A major part of libraries' evolution since then has been a demand for more openness and the ability to search for materials that might exist at any number of institutions worldwide, driven by the ubiquity of search engines and an increasing commitment to digitizing texts. But those trends place them on a collision course with OCLC, which was originally founded by libraries to collect and store records of their holdings so that they wouldn't have to be created anew with each acquisition.

That partnership has grown into the large, member-supported organization today that owns WorldCat, which holds tens of millions of online records that members can use, relieving individual libraries of laboriously typing up so-called metadata -- information about individual holdings like the title, author and publisher, and plenty more -- and, in the process, standardizing the catalogs they use for their books and reference works.

In an attempt to protect WorldCat and the resources needed to keep it running, while making it sufficiently accessible to its members, OCLC announced a policy change that would have placed a notice in each record to the effect that it is governed by the WorldCat terms contained in an accompanying Web address -- terms that could presumably change over time. Libraries would also be encouraged to add the text to a specific field within each of their own records that originated from WorldCat.

Some bloggers interpreted the change as a power grab, an attempt to block libraries from using records for purposes that could conflict with OCLC's goals. For example, some libraries are considering using their records to generate revenue to support their own growing operations, and that could fall into OCLC's "commercial use" prohibition. Print-on-demand services, which make use of WorldCat records, could be affected; so could planned "discovery" interfaces that span dozens of libraries.

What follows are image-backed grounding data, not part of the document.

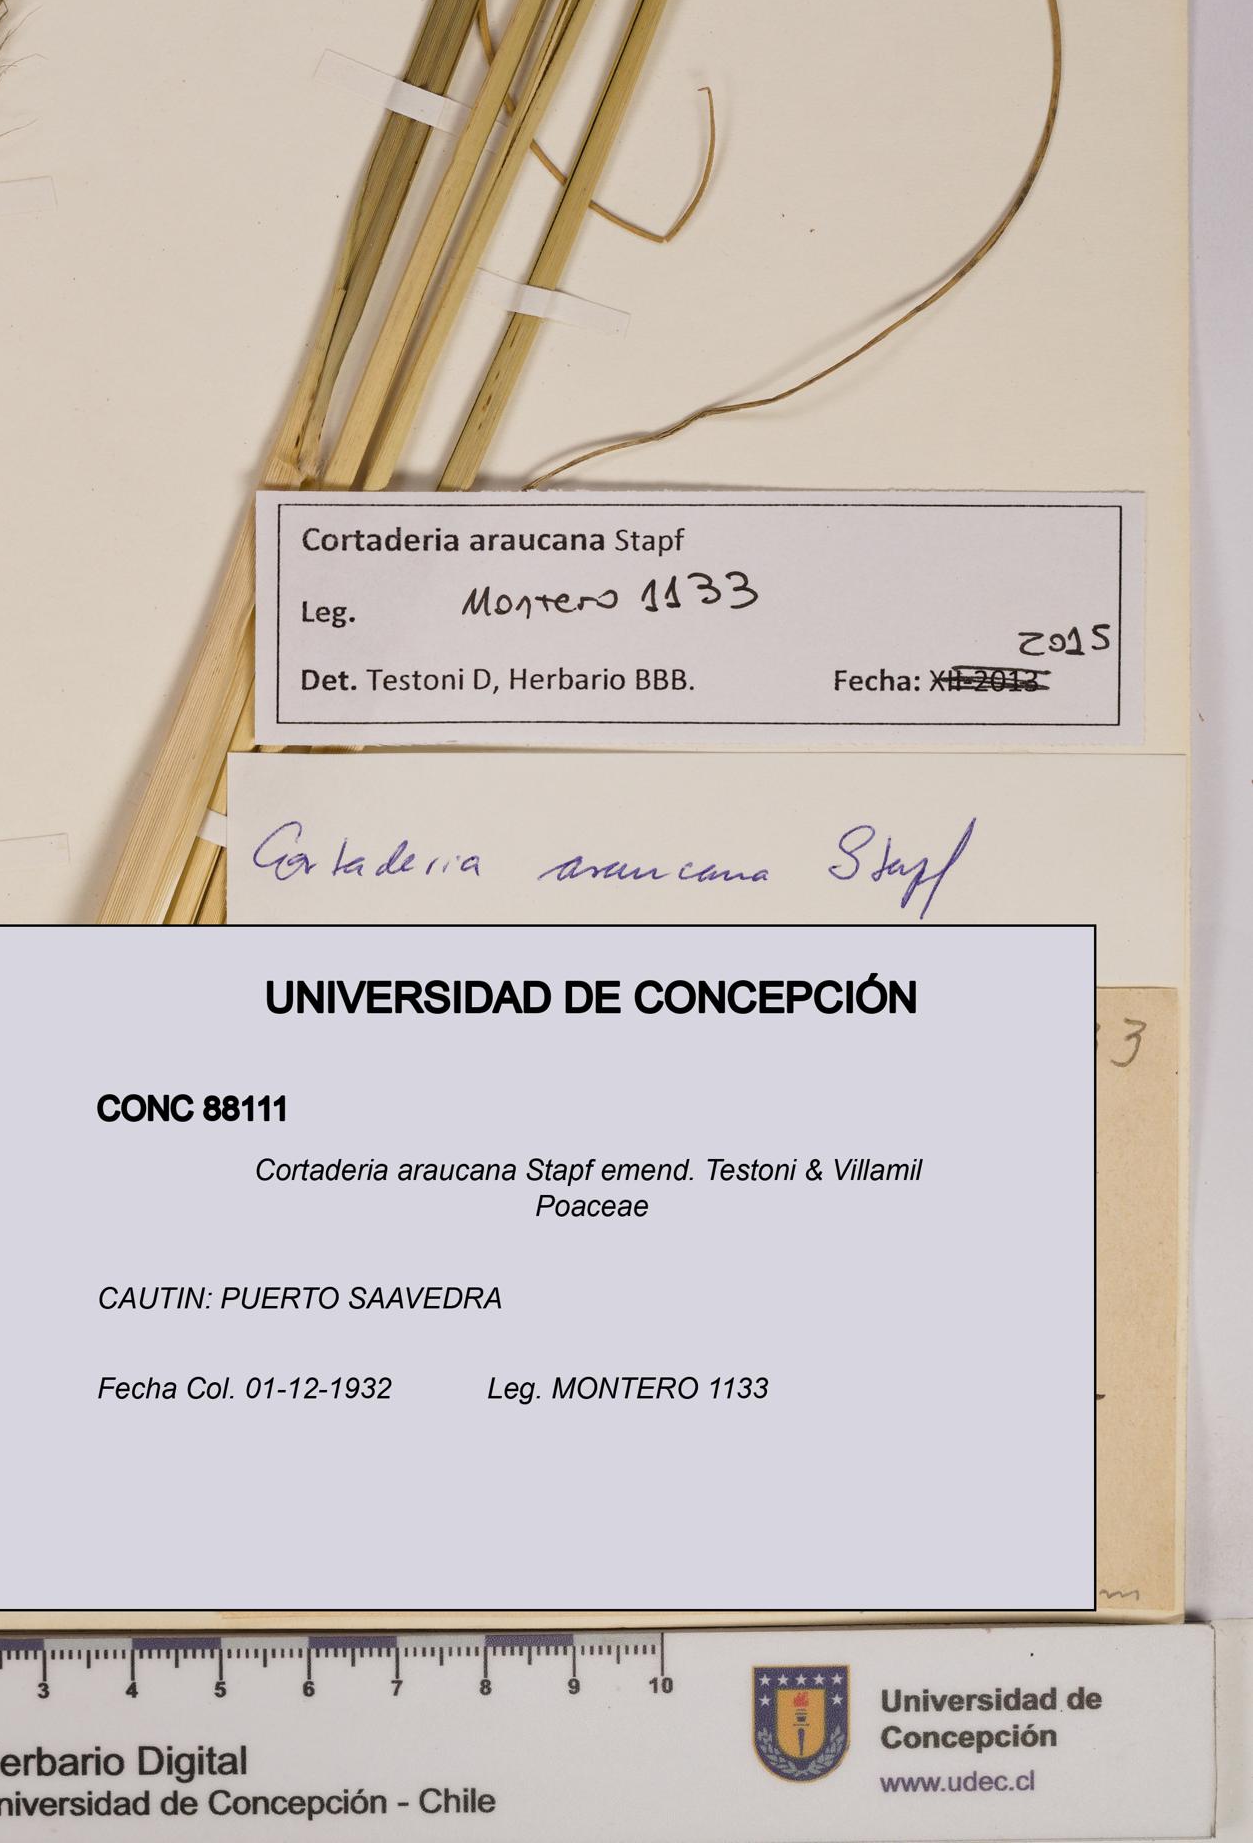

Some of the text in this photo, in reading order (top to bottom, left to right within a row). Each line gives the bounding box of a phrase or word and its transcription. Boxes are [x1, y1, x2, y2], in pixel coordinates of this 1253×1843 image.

[303, 527, 685, 556] Cortaderia araucana Stapf
[462, 571, 758, 619] Montero 1133
[303, 601, 355, 628] Leg.
[1018, 624, 1110, 656] 2015
[302, 667, 694, 694] Det. Testoni D, Herbario BBB.
[835, 669, 919, 691] Fecha:
[253, 821, 479, 880] Cortaderia
[38, 1684, 49, 1700] 3
[126, 1683, 138, 1699] 4
[214, 1682, 226, 1699] 5
[302, 1680, 314, 1698] 6
[392, 1680, 402, 1696] 7
[480, 1679, 492, 1696] 8
[568, 1678, 580, 1695] 9
[650, 1677, 674, 1694] 10
[882, 1687, 1102, 1712] Universidad de
[881, 1724, 1056, 1753] Concepción
[139, 1746, 246, 1783] Digital
[880, 1770, 1034, 1792] www.udec.cl
[161, 1790, 198, 1815] de
[208, 1789, 386, 1821] Concepción
[420, 1788, 495, 1813] Chile

"From [OCLC's] perspective, it makes a lot of sense for them to want to assert and be overt about their rights to this material because WorldCat really represents ... a major portion of their revenue, and it also ... supports essential services for libraries such as resources sharing," said Anne R. Kenney, the Carl A. Kroch University Librarian at Cornell University.

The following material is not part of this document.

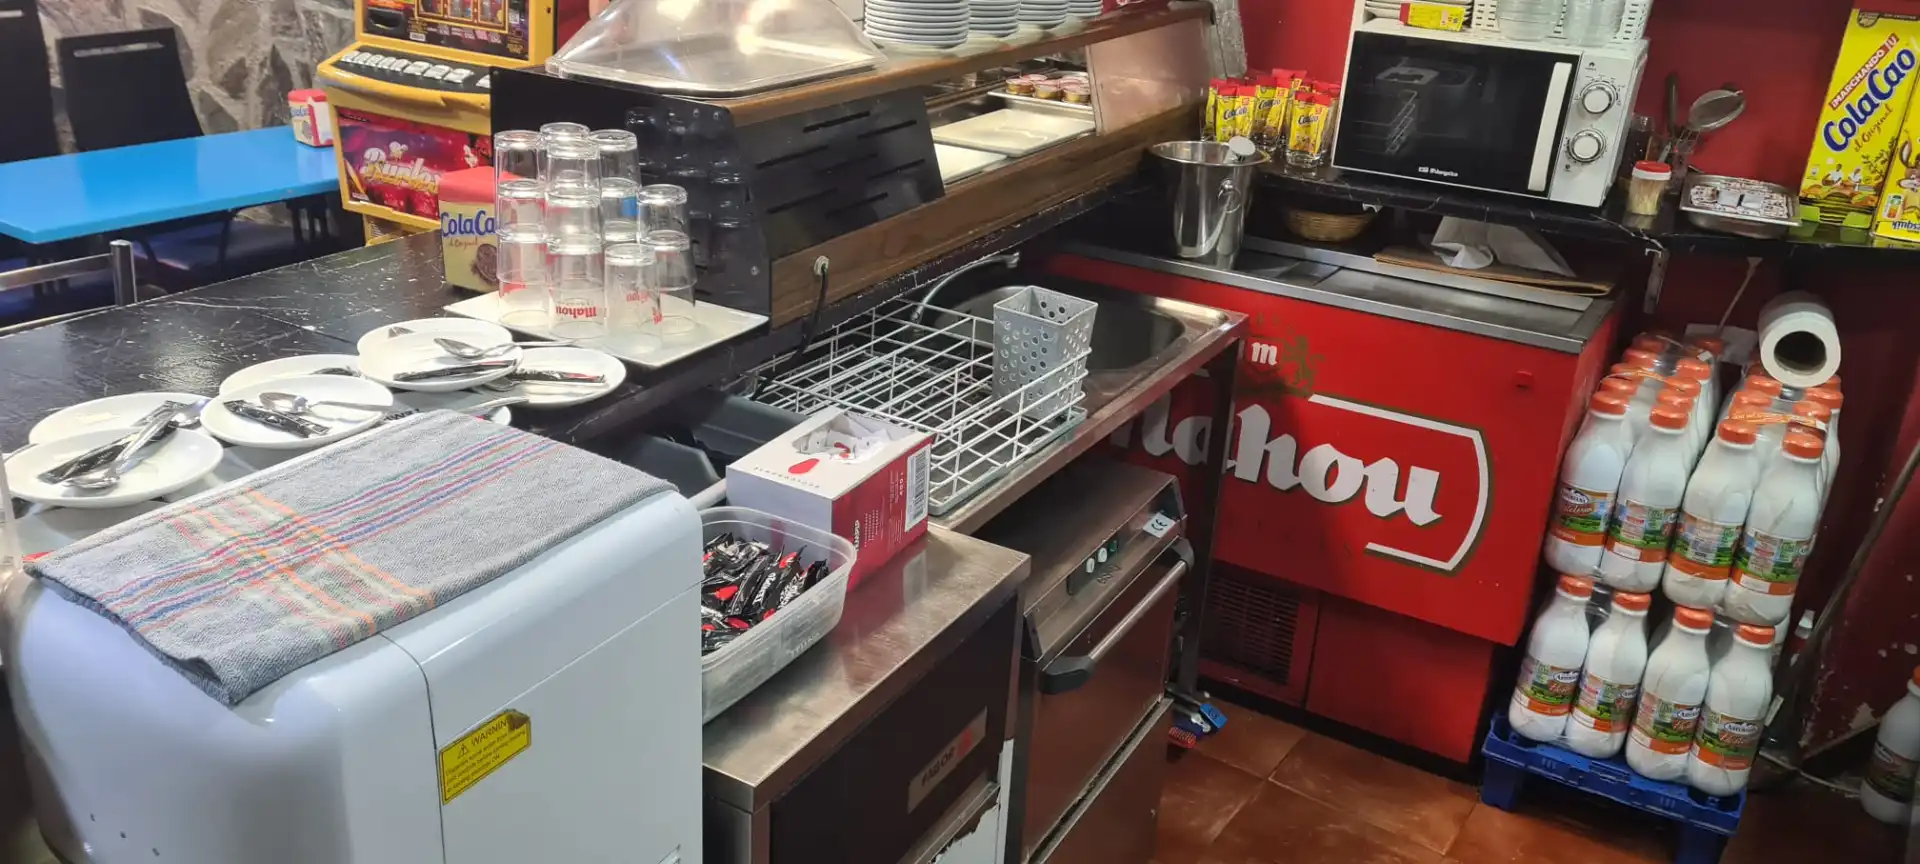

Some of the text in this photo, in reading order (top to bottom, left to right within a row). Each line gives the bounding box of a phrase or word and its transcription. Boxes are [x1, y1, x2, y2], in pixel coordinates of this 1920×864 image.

[1823, 48, 1916, 152] ColaCao
[440, 210, 501, 238] ColaCa
[471, 718, 509, 747] WARNIN

Debates over who owns the rights to the records -- and whether it's possible to copyright them at all -- aren't new and have led to open-source alternatives, such as OpenLibrary, whose database can be updated by contributors and is free and available for any purpose.

In any case, the initial reaction to the policy change was swift, complete with an online petition.

"Not satisfied with controlling the world's largest source of book information, it wants to take over all the smaller ones as well," wrote Aaron Swartz, one of the founders of OpenLibrary and a widely read Internet thinker, on his blog Thursday. "It's now demanding that every library that uses WorldCat give the copyright to all its catalog records to OCLC. It literally is asking libraries to put an OCLC copyright notice on every book record in their catalog. It wants to own every library."

By the time news of the policy, which is to take effect in February, spread across the blogosphere, OCLC posted a new draft softening some of its requirements -- for example, by making it optional to use or keep the text referring to WorldCat's policies and clarifying that non-commercial use of the records was generally protected, except in cases where it could interfere with OCLC's mission. And while the shift signals some openness to members' concerns, some still aren't satisfied, especially with the way the initial decision was made.

"They saved individual libraries a lot of money over time by collective resource sharing and cataloging. But having said that, I think part of the problem is that in their need to assert their rights, they did not broadly consult ahead of time of the release of this policy," Kenney said.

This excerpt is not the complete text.